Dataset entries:
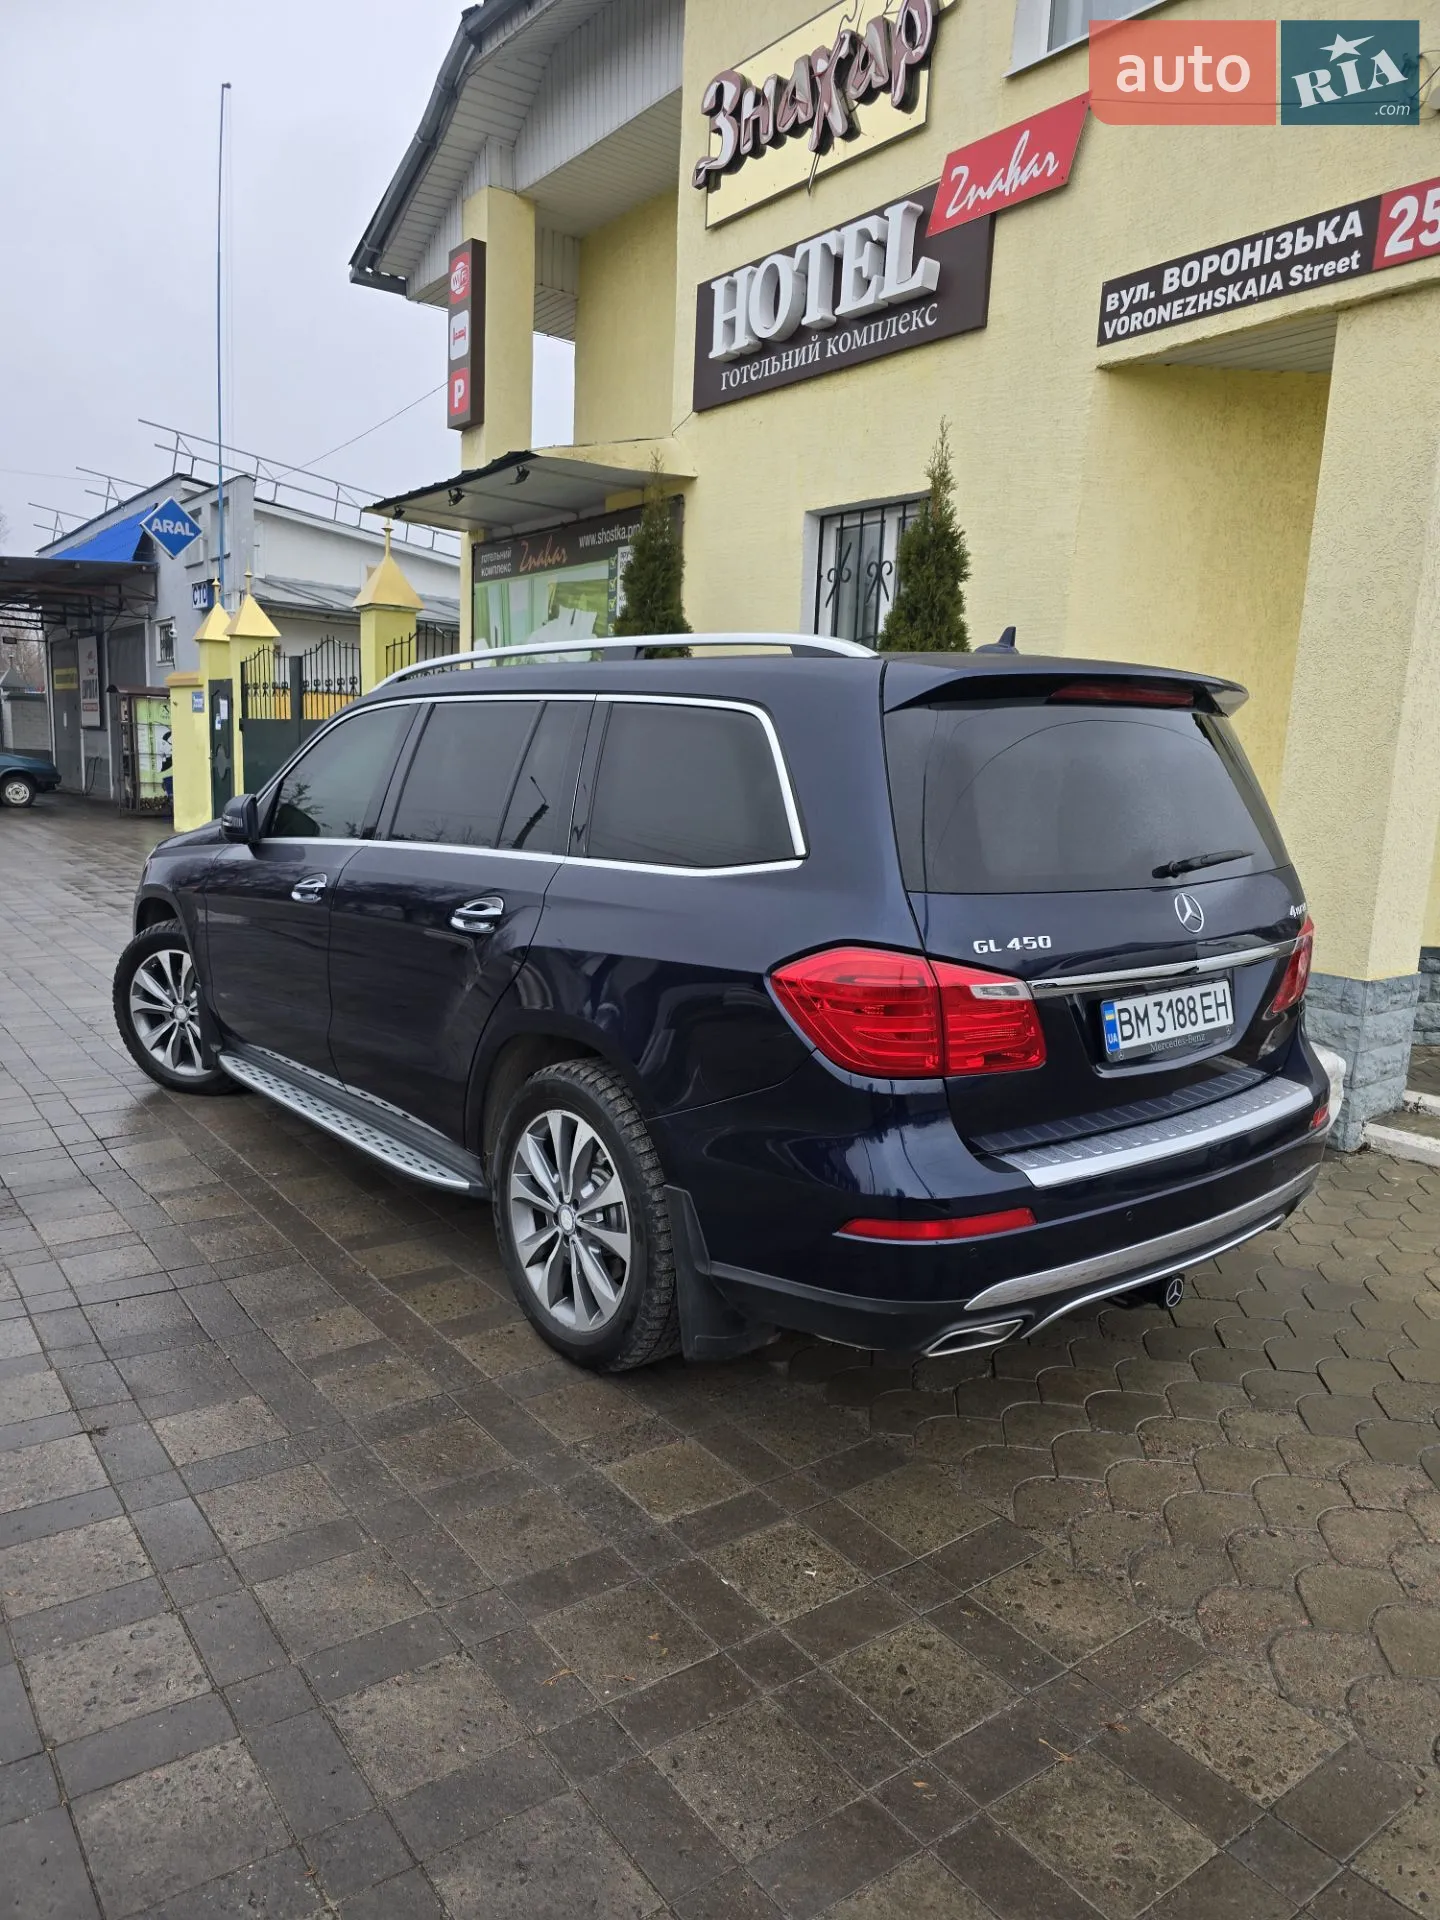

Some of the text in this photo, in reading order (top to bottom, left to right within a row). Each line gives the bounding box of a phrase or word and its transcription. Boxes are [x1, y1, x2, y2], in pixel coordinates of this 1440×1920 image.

[692, 0, 937, 190] Знахар
[709, 200, 940, 362] HOTEL
[1105, 210, 1363, 314] вул. ВОРОНІЗЬКА
[1103, 250, 1361, 339] VORONEZHSKAIA Street
[720, 302, 938, 391] готельний комплекс
[453, 378, 465, 408] P
[151, 518, 195, 537] ARAL
[973, 935, 1052, 954] GL 450
[1107, 1033, 1119, 1045] UA
[1150, 1033, 1206, 1053] Mercedes-Benz
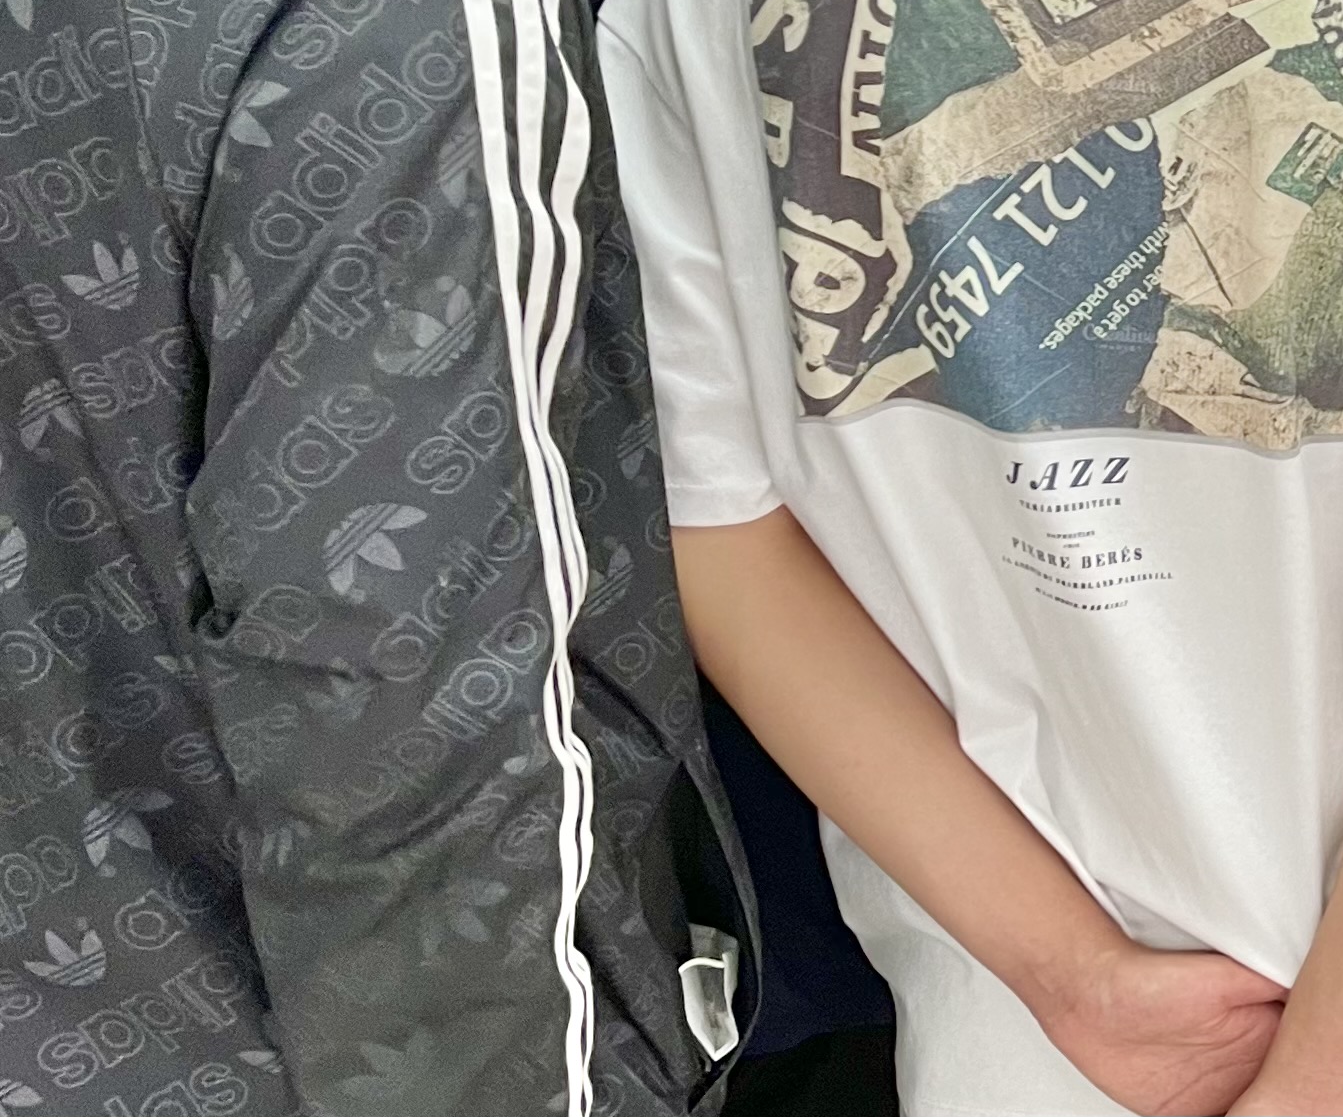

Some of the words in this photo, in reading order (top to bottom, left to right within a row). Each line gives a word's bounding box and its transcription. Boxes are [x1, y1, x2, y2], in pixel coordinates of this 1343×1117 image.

[915, 235, 1025, 359] 7459
[1105, 298, 1131, 331] get
[1005, 456, 1131, 491] JAZZ
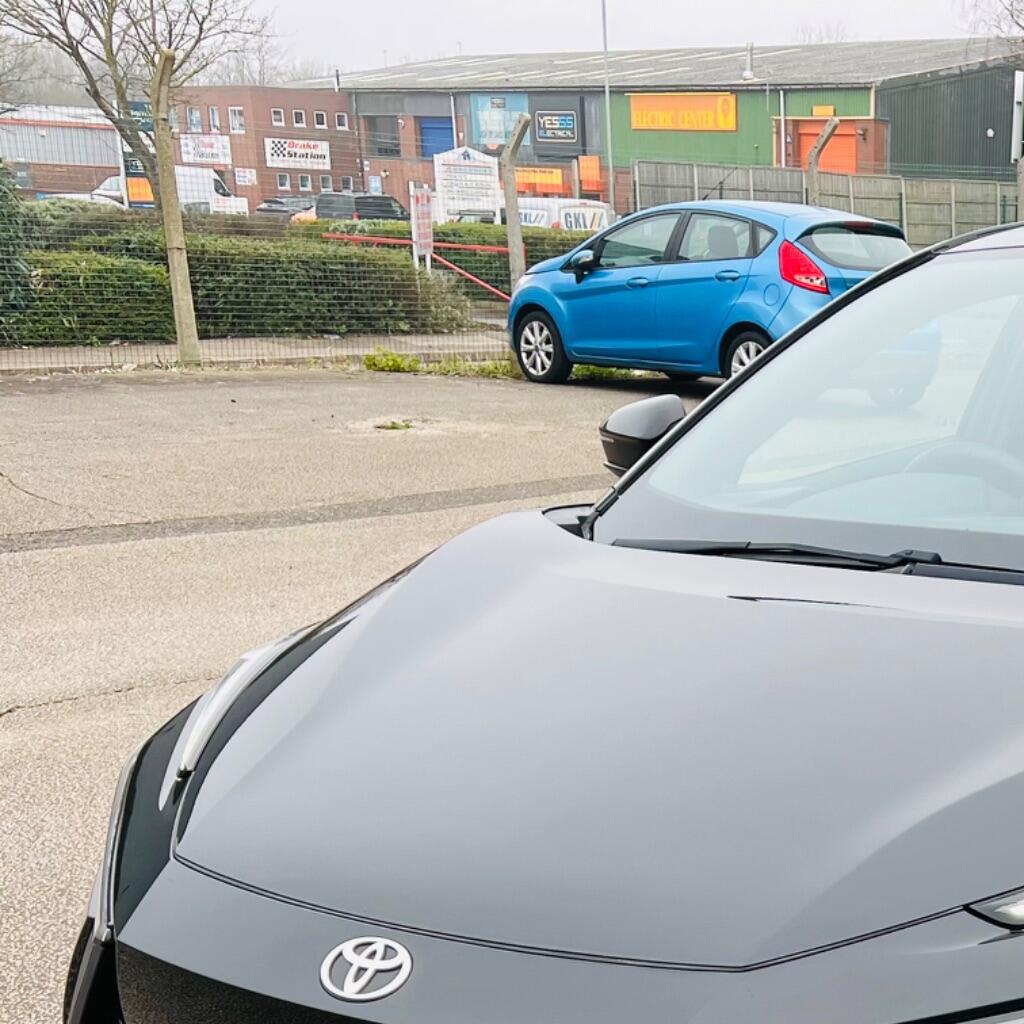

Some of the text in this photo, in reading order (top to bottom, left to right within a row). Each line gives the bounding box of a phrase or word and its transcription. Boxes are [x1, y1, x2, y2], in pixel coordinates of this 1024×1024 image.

[634, 111, 714, 128] ELECTRIC CENTER
[287, 140, 319, 149] Brake
[287, 150, 326, 160] Station

TASK ITEM: Output each line above exactly. Skip the images.

EXPECTED OUTPUT:
Some of the text in this photo, in reading order (top to bottom, left to right within a row). Each line gives the bounding box of a phrase or word and its transcription. Boxes are [x1, y1, x2, y2], in pixel coordinates of this 1440×1920 image.

[692, 0, 937, 190] Знахар
[709, 200, 940, 362] HOTEL
[1105, 210, 1363, 314] вул. ВОРОНІЗЬКА
[1103, 250, 1361, 339] VORONEZHSKAIA Street
[720, 302, 938, 391] готельний комплекс
[453, 378, 465, 408] P
[151, 518, 195, 537] ARAL
[973, 935, 1052, 954] GL 450
[1107, 1033, 1119, 1045] UA
[1150, 1033, 1206, 1053] Mercedes-Benz

Some of the words in this photo, in reading order (top to bottom, left to right within a row). Each line gives a word's bounding box and its transcription. Boxes are [x1, y1, x2, y2], in pixel coordinates of this 1343×1117 image.

[915, 235, 1025, 359] 7459
[1105, 298, 1131, 331] get
[1005, 456, 1131, 491] JAZZ

Some of the text in this photo, in reading order (top to bottom, left to right within a row). Each line gives the bounding box of a phrase or word and its transcription. Boxes are [x1, y1, x2, y2], in pixel coordinates of this 1024×1024 image.

[634, 111, 714, 128] ELECTRIC CENTER
[287, 140, 319, 149] Brake
[287, 150, 326, 160] Station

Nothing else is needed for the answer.